**Your goal**
Copy exactly, no pictures: every line from the one that contains "this 1280×1080 image." through the end of the entries below.

[Phrase grounding data]

——————

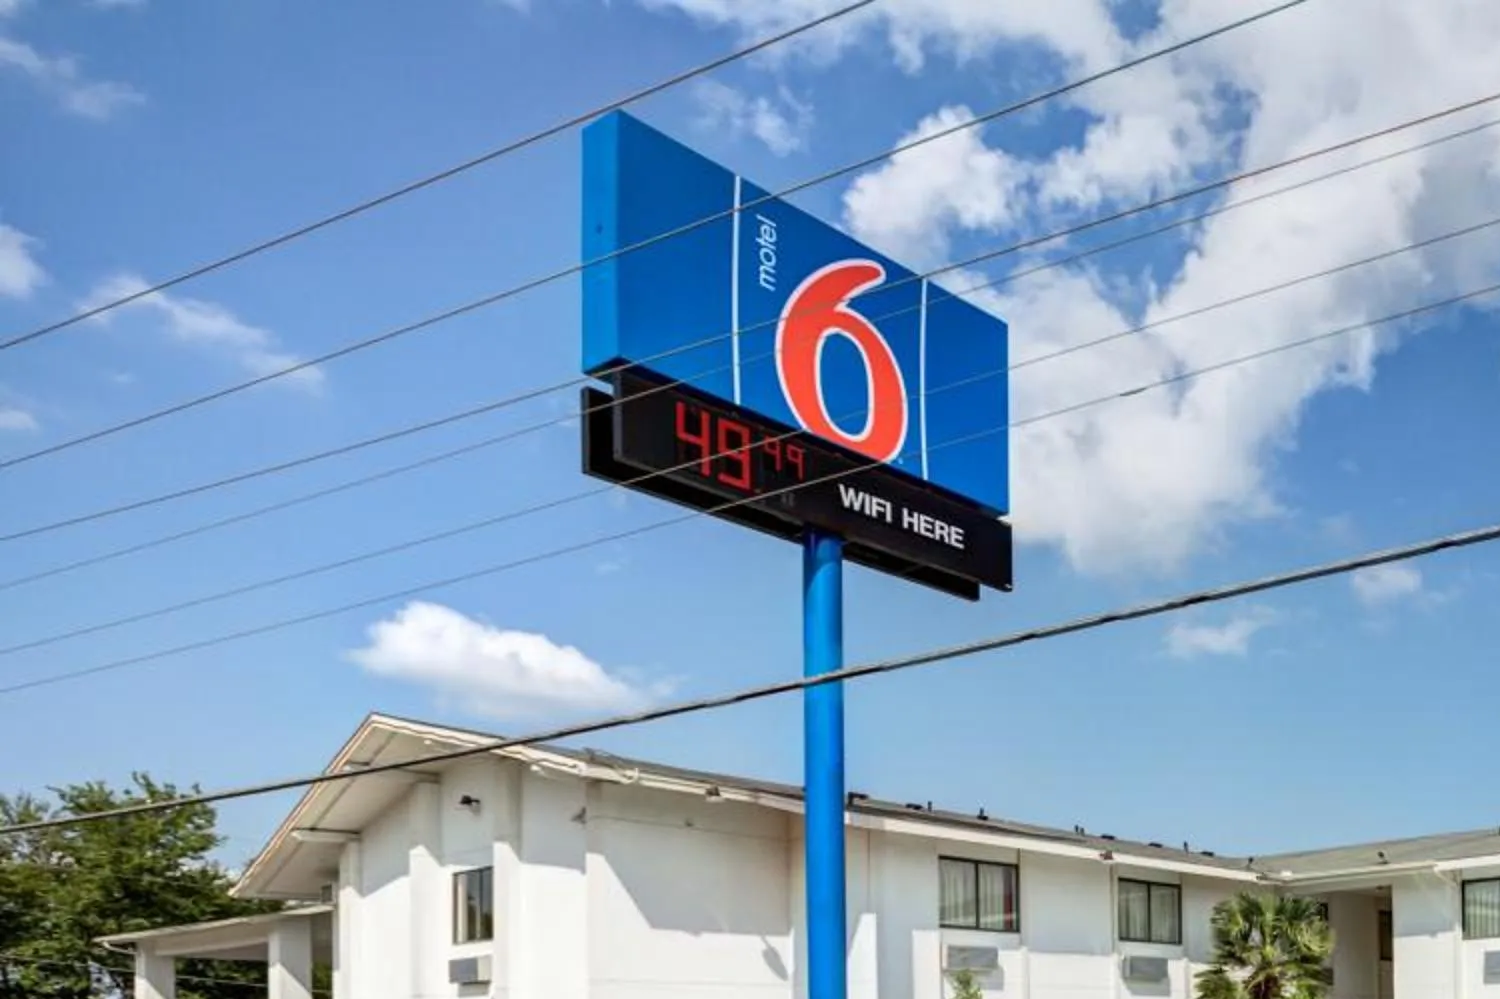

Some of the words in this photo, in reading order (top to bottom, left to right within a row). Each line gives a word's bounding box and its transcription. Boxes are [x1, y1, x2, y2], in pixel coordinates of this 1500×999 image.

[756, 214, 777, 291] motel
[775, 258, 908, 463] 6
[838, 483, 893, 523] WIFI
[902, 507, 965, 549] HERE
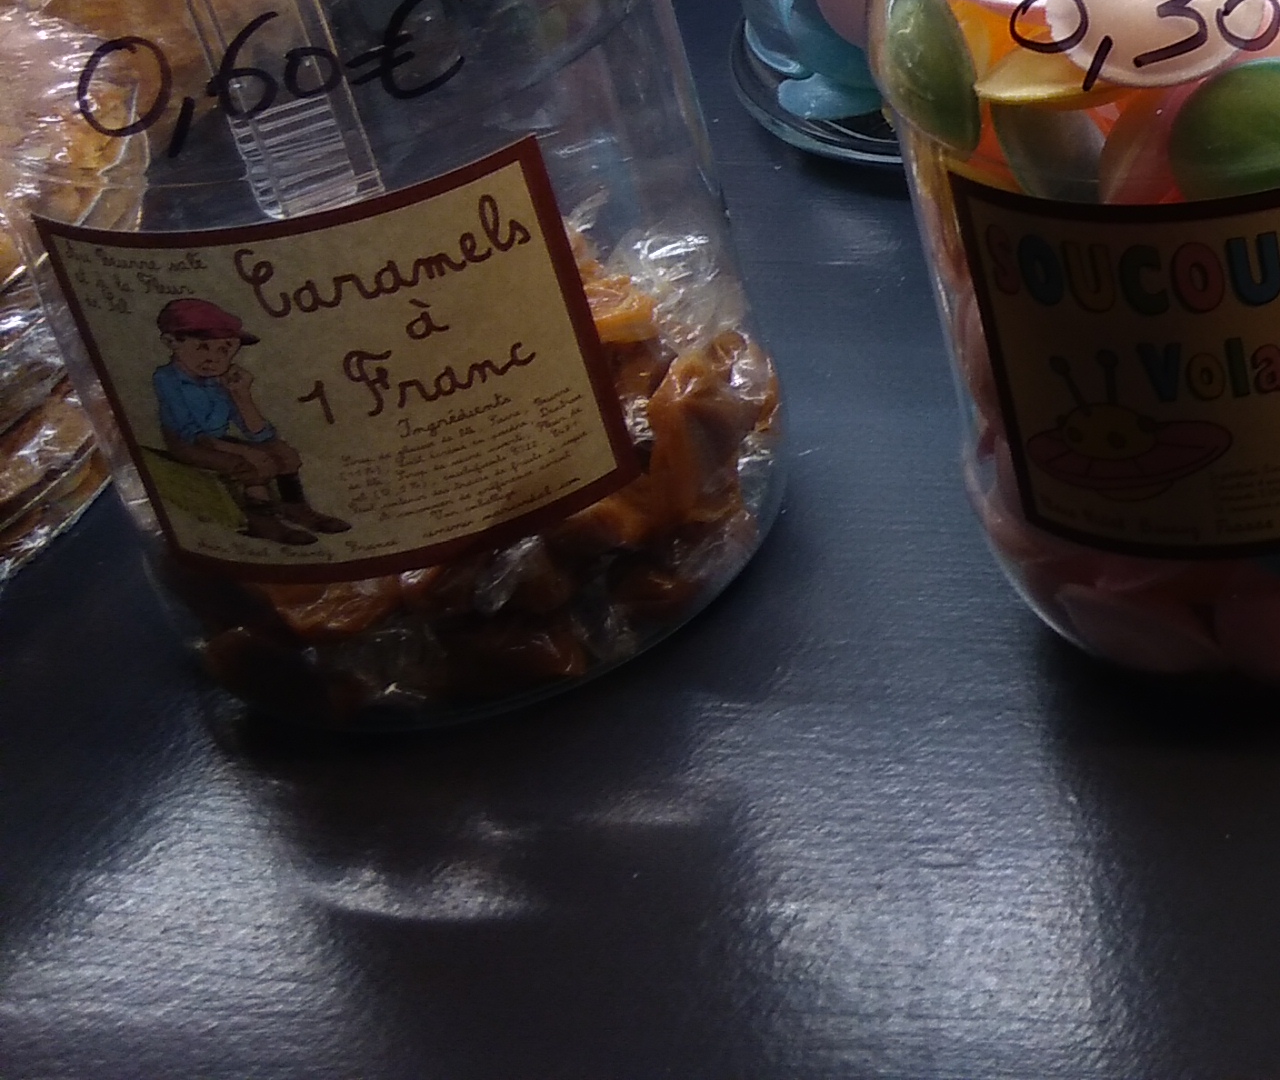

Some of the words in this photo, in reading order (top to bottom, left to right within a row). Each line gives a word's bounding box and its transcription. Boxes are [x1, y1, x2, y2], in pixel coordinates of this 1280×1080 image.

[234, 194, 532, 318] Caramels
[405, 298, 450, 340] à
[297, 380, 336, 425] 1
[342, 341, 537, 417] Franc
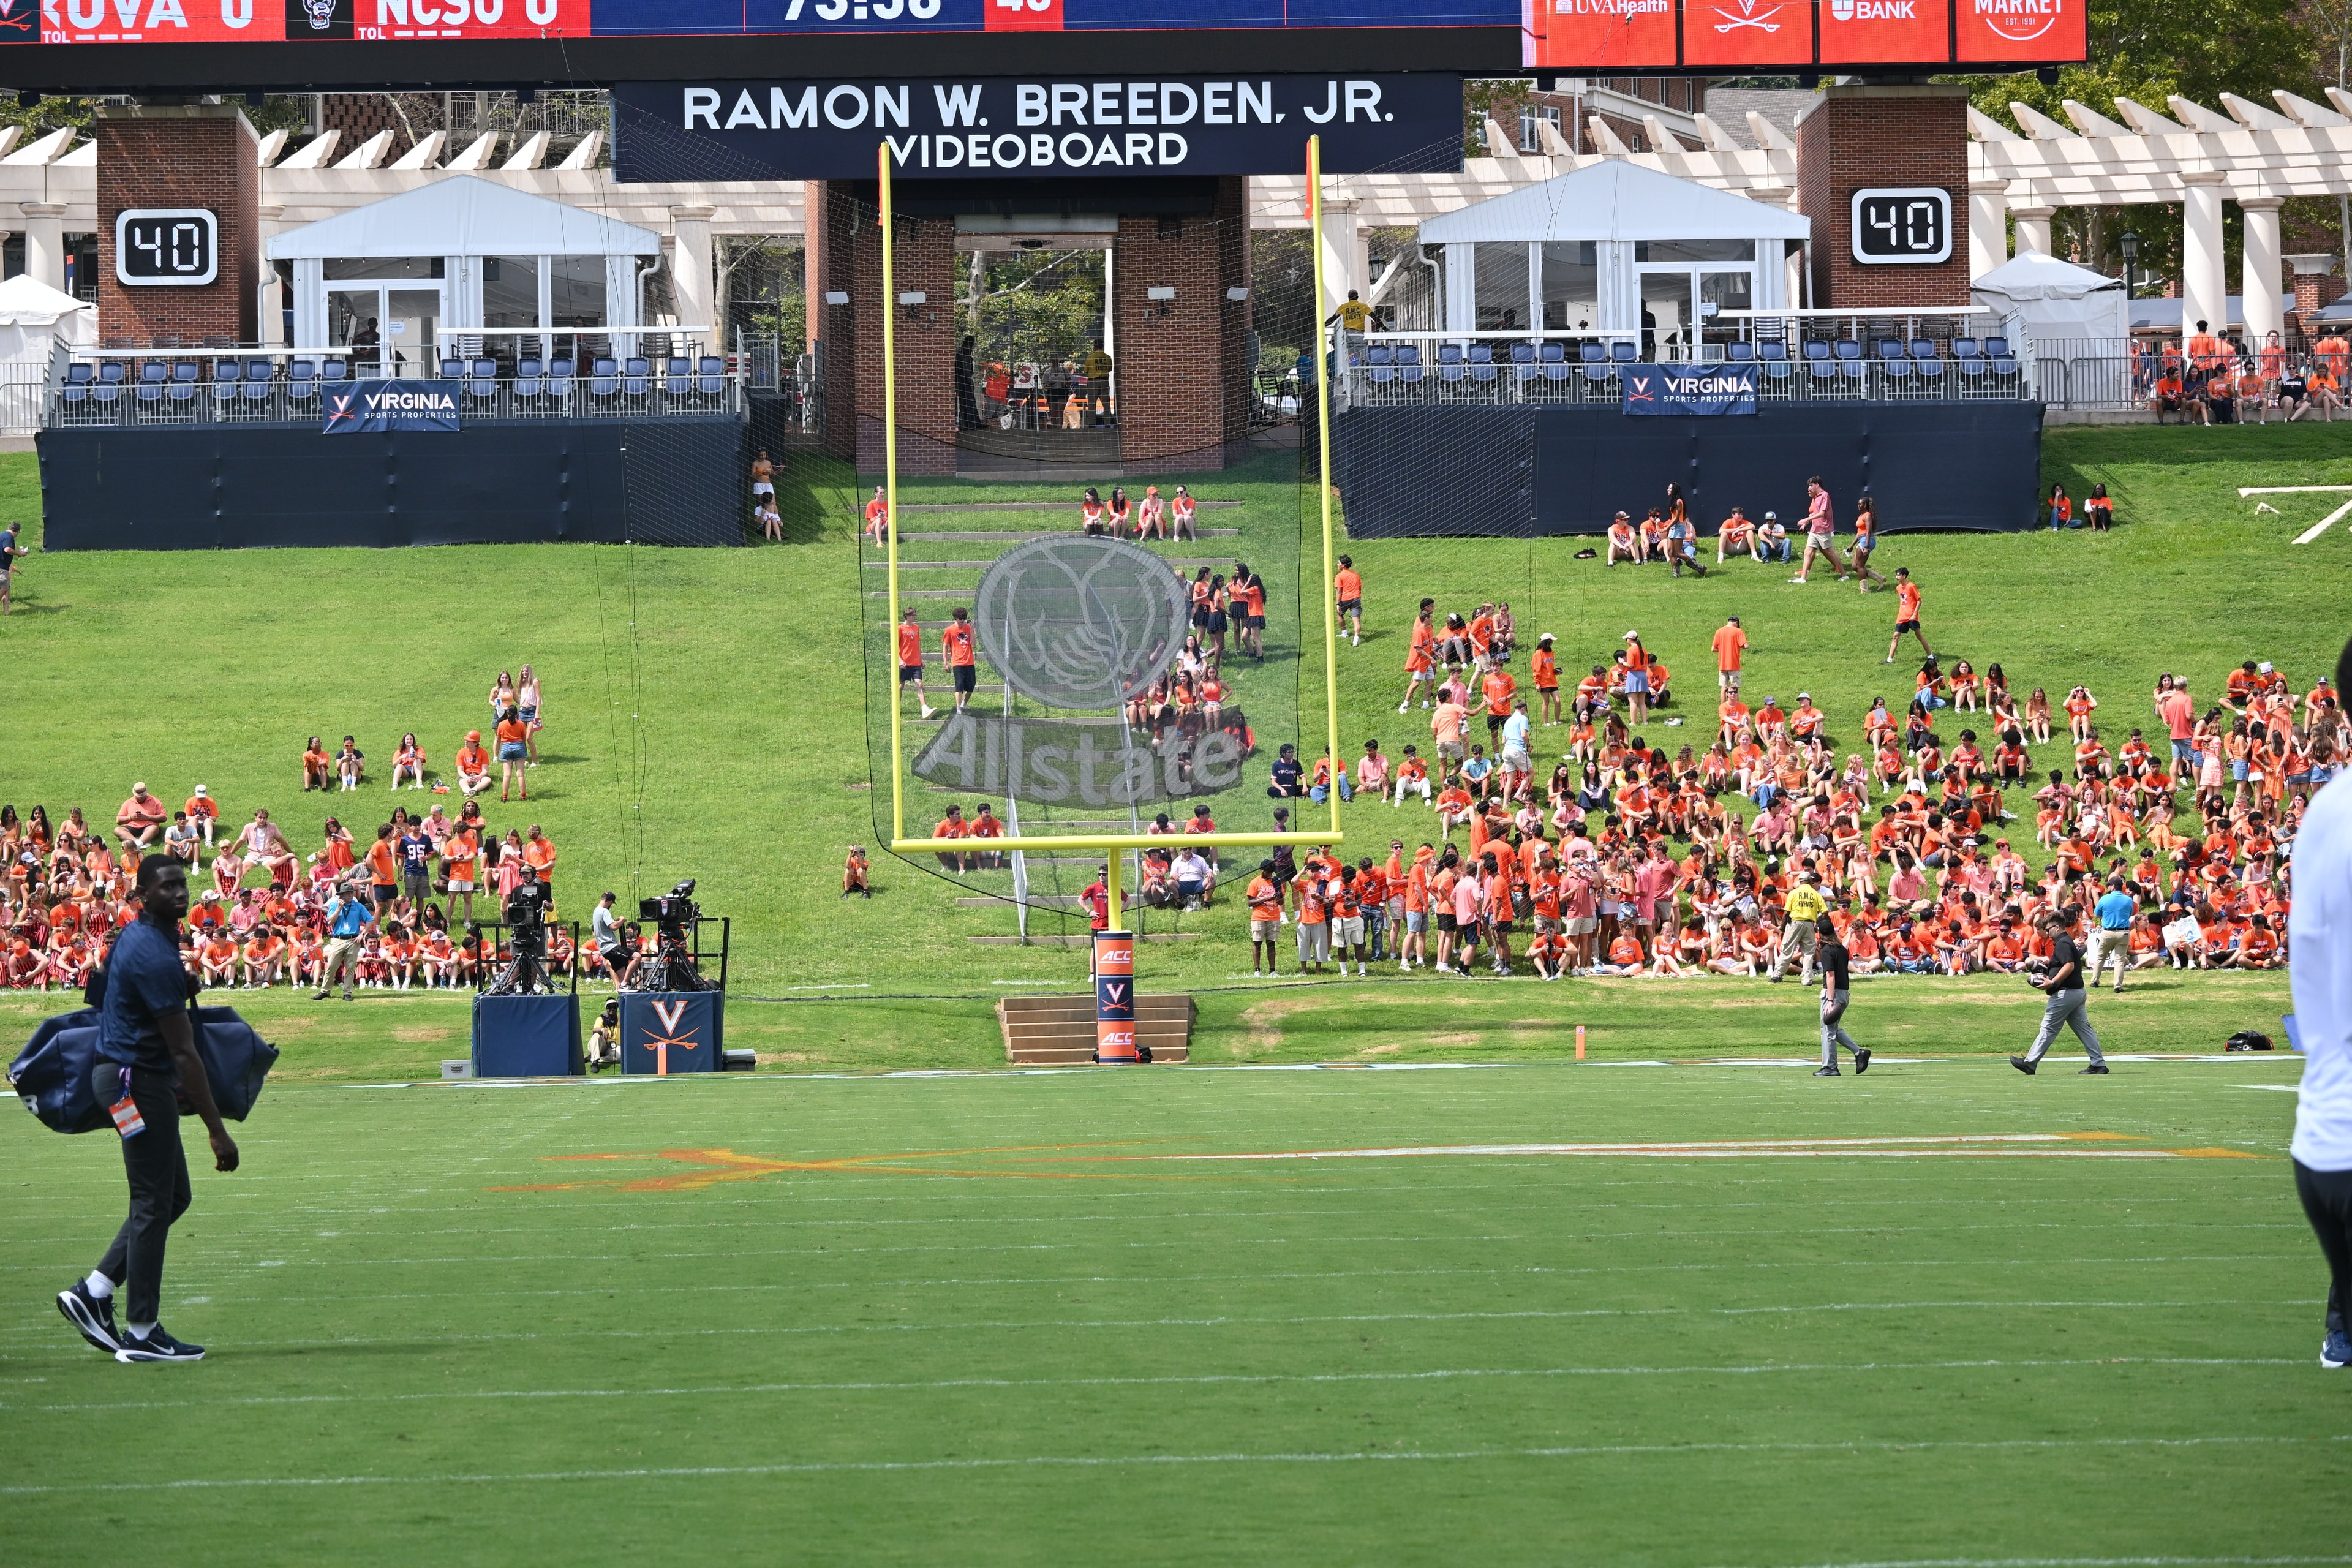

——————

**Task output**
Some of the words in this photo, in reading order (top to bottom, left to right within a row). Each line gives a word's bounding box and its transcription. Boxes are [x1, y1, x2, y2], in pixel coordinates of this 1280×1080 image.

[234, 194, 532, 318] Caramels
[405, 298, 450, 340] à
[297, 380, 336, 425] 1
[342, 341, 537, 417] Franc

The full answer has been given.